* _Prompt_
Exclude the pictures; give every entry again exactly as written.

Records drawn from a dataset
+--
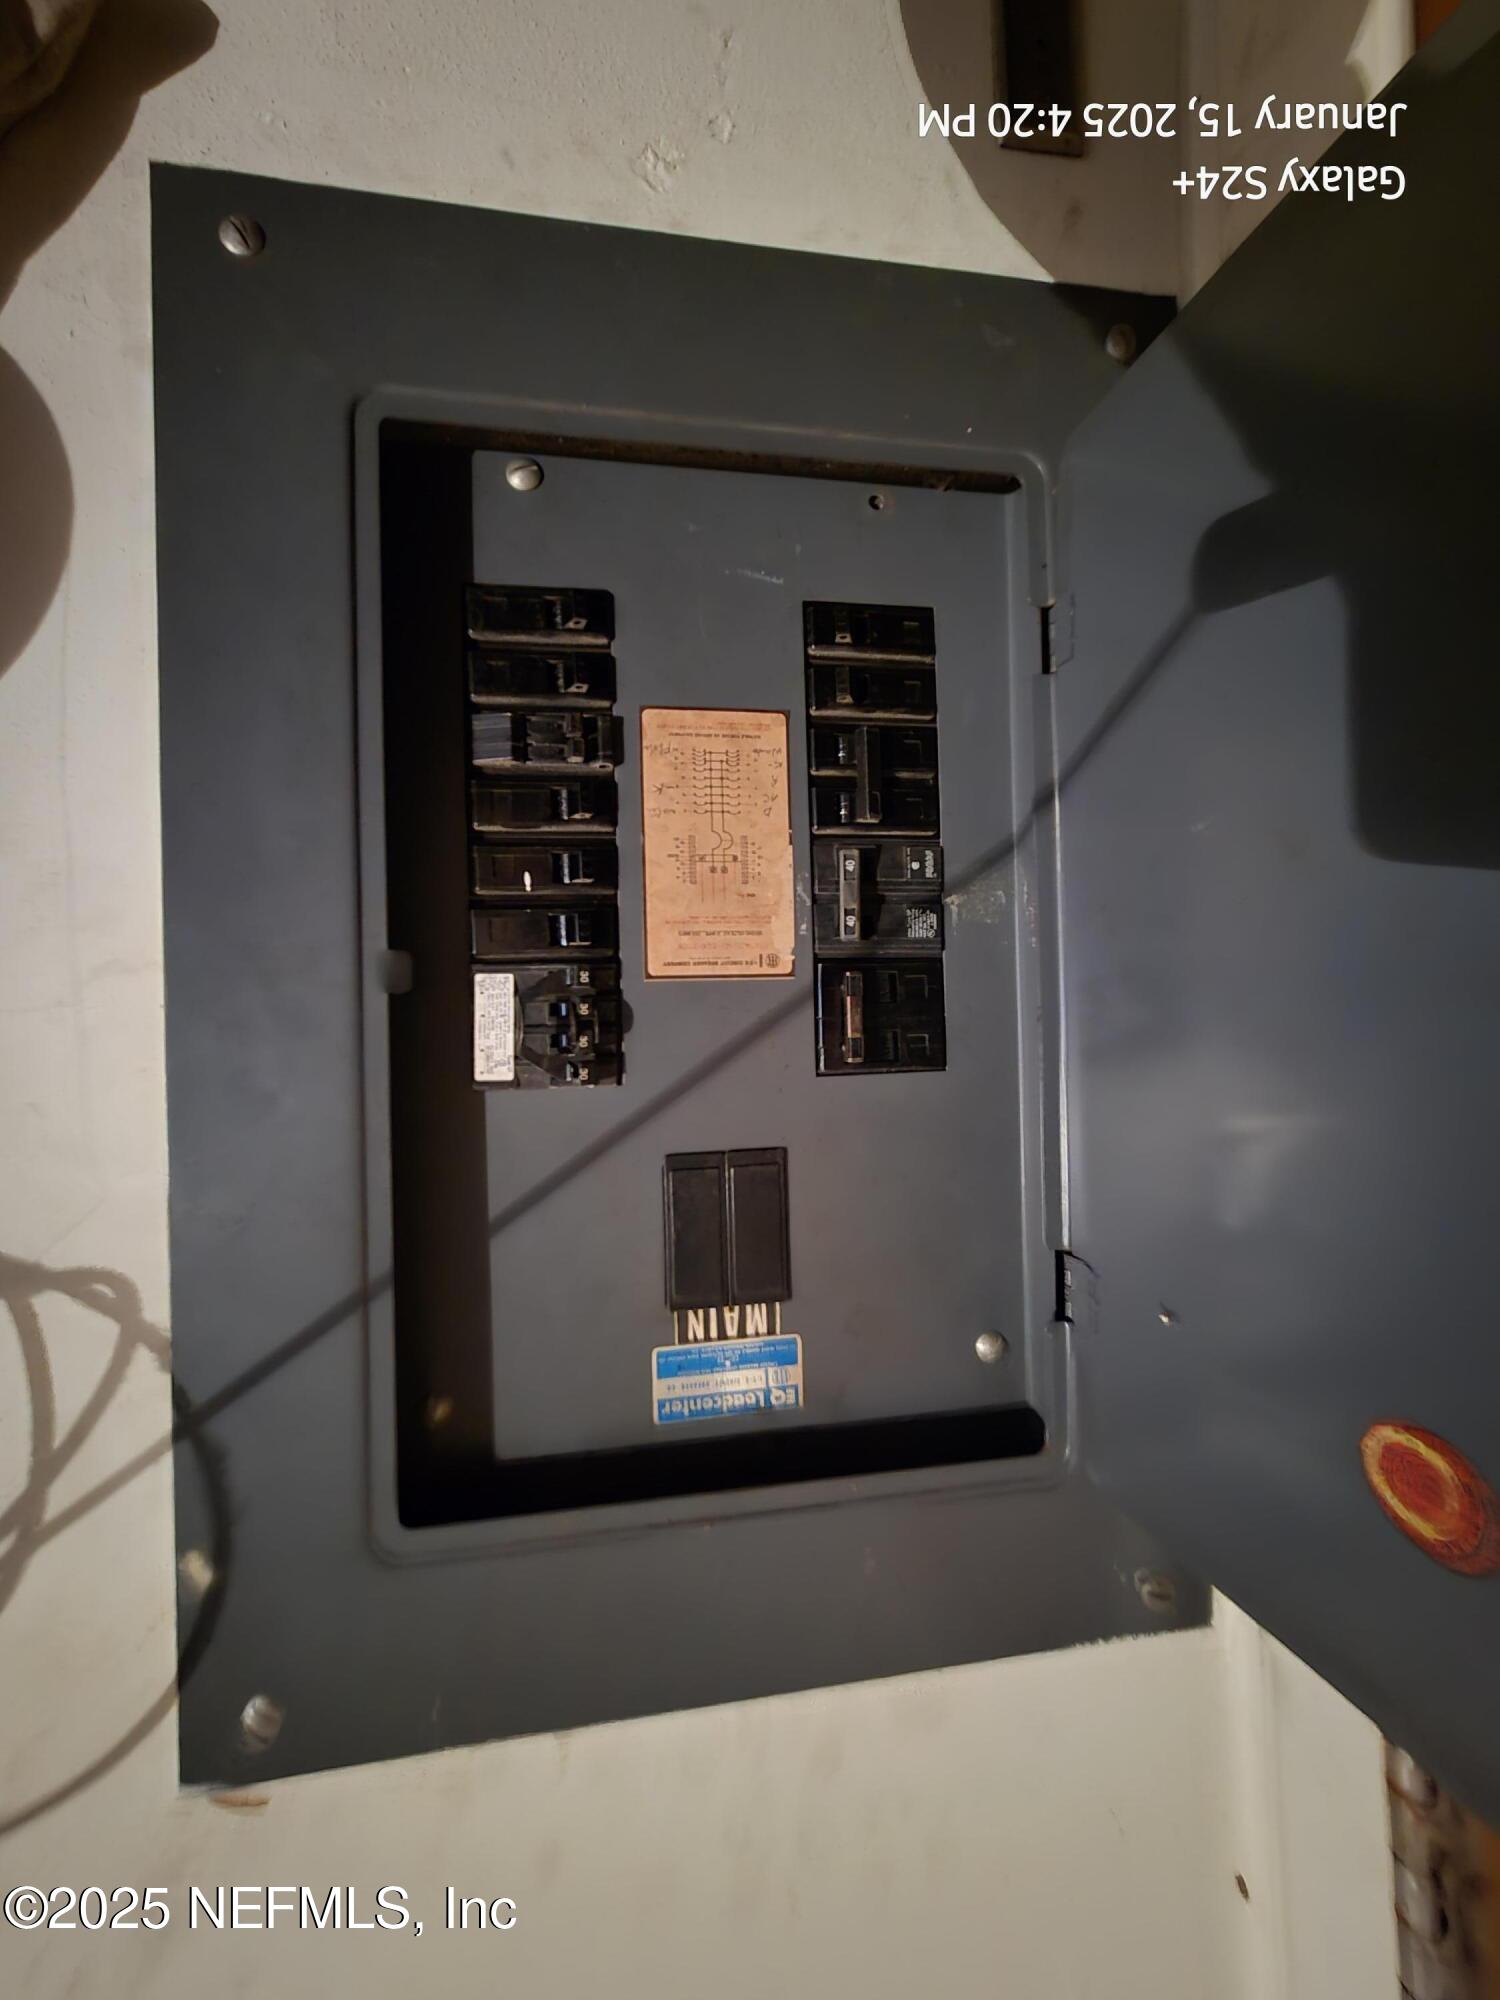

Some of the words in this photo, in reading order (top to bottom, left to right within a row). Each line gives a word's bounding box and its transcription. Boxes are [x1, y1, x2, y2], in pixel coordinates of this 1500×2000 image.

[845, 860, 855, 872] 40
[846, 915, 856, 927] 40
[688, 1303, 767, 1341] MAIN
[662, 1391, 765, 1417] Loadcenter
[770, 1387, 796, 1405] EQ
+--
* _Exercise result_
Some of the words in this photo, in reading order (top to bottom, left to right within a row). Each line gives a word's bounding box and its transcription. Boxes are [x1, y1, x2, y2], in pixel coordinates of this 1500×2000 image.

[845, 860, 855, 872] 40
[846, 915, 856, 927] 40
[688, 1303, 767, 1341] MAIN
[662, 1391, 765, 1417] Loadcenter
[770, 1387, 796, 1405] EQ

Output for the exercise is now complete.